I also think that your contract gives you good grounds to insist on having this week off as she can have no reasonable grounds to refuse it. Is that right flowerybeanbag?

flowerybeanbag · 08/05/2009 11:37

It depends what the wording of the contract says. if it says just two weeks can be chosen by the nanny, then yes absolutely insist.

It may say two weeks can be chosen and will be agreed as far as possible, which might make it more difficult to actually insist, but something like 'as far as possible' or similr would mean that if there is a really good reason those dates can't be agreed, then fine. That wouldn't mean just saying no where there's no reason.

I can't think of any good reason where there is a parent at home tbh.

What does your contract say OP?

BoffinMum · 08/05/2009 12:14

I'd feel awful if my nanny had to work over Xmas, and can't imagine asking this, unless I was an A and E surgeon or similar, being obliged do an Xmas shift for the good of society. Even then I'd still try to work something else out. It's almost always possible.

aGalChangedHerName · 08/05/2009 16:50

The fact that she has already said no to your request would have me looking for another job tbh. She sounds like a loon imo.

If a parent treated me like that i'd be looking for mindees to replace them.

hellywobs · 08/05/2009 19:09

My cm takes this week off - seems reasonable to me. We're in May, you're not asking for it the week before Xmas!

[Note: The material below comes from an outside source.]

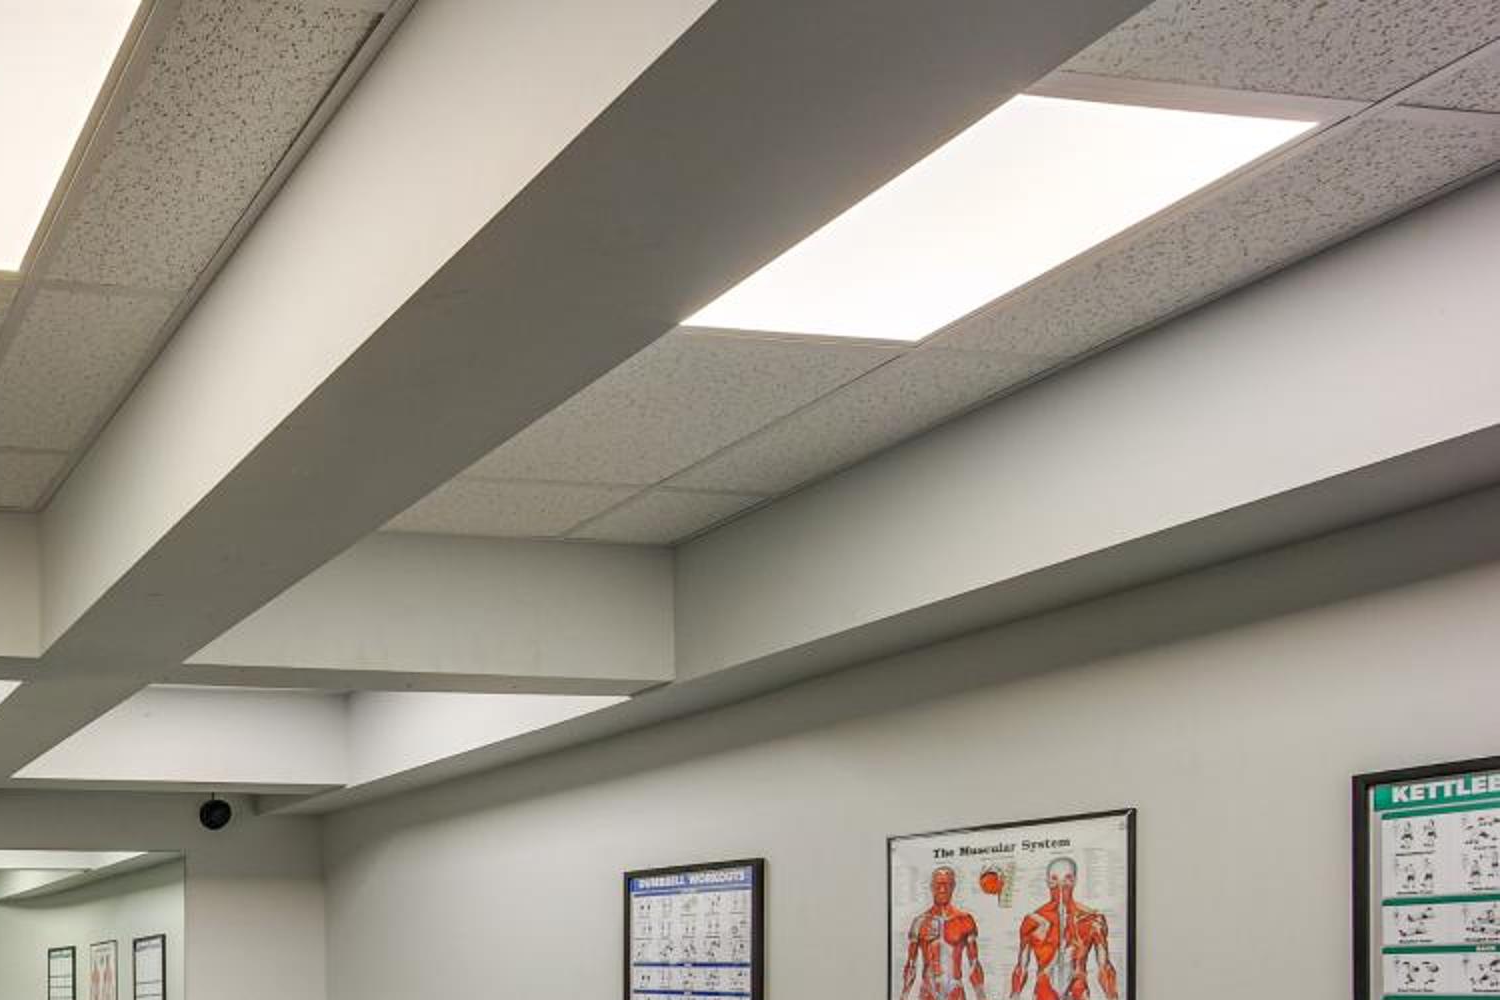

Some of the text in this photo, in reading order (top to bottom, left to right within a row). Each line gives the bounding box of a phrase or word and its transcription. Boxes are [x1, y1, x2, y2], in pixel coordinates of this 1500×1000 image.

[933, 838, 1071, 859] The Muscular System

PaulaAtMummyKnowsBest · 08/05/2009 19:26

has she given you a reason as to why you can't have the time off then?

K75 · 08/05/2009 19:54

I have a nanny and always give her Christmas week off. I can't imagine not wanting this special time with my kids and my own family. However, I wouldn't employ a nanny if I was a SATM (I work full time) so I guess I can't really empathise but you did say you wanted to hear from other employers.

I think as others say you have to ask why.

LittlePaws · 08/05/2009 20:06

Are they maybe going away for Christmas and expecting you to stay home with the children?

Ripeberry · 08/05/2009 20:10

Why would a SAHM need a full-time nanny? Just curious.

Oligo · 08/05/2009 20:57

Traditionally nannies have been employed by sahm and not by working mums, which seems a more recent development ime. Although not so much at home as socialising, shopping, travelling, beautifying. I have worked for a few families like this and seems like a different world but is completely their way of life. They might think that the nanny knows more about raising/developing/educating children than they do. I think that if they want a nanny over the one time of year that is most obviously and reasonably important to you they could get a temp. Why not suggest a couple of agency phone numbers or suggest their PA arranges something for them. They might just not realise their options.

Blondeshavemorefun · 08/05/2009 21:01

tbh i have never understood sahm's who have a full time nanny

nothing wrong with having a nanny say 2 days a week if you dont work, to be able to do stuff/have me time etc but to have one 5 days

i would much prefer to pay a cleaner/ironer/gardener etc and be able to spend time with my children if i had the choice to not work

BoffinMum · 08/05/2009 22:39

Maybe the SAHM concerned has shedloads of children? If you had six or more and no family locally, there would be quite a bit of work for a nanny potentially, especially if one had SN or something perhaps? But I imagine that's not the case here though.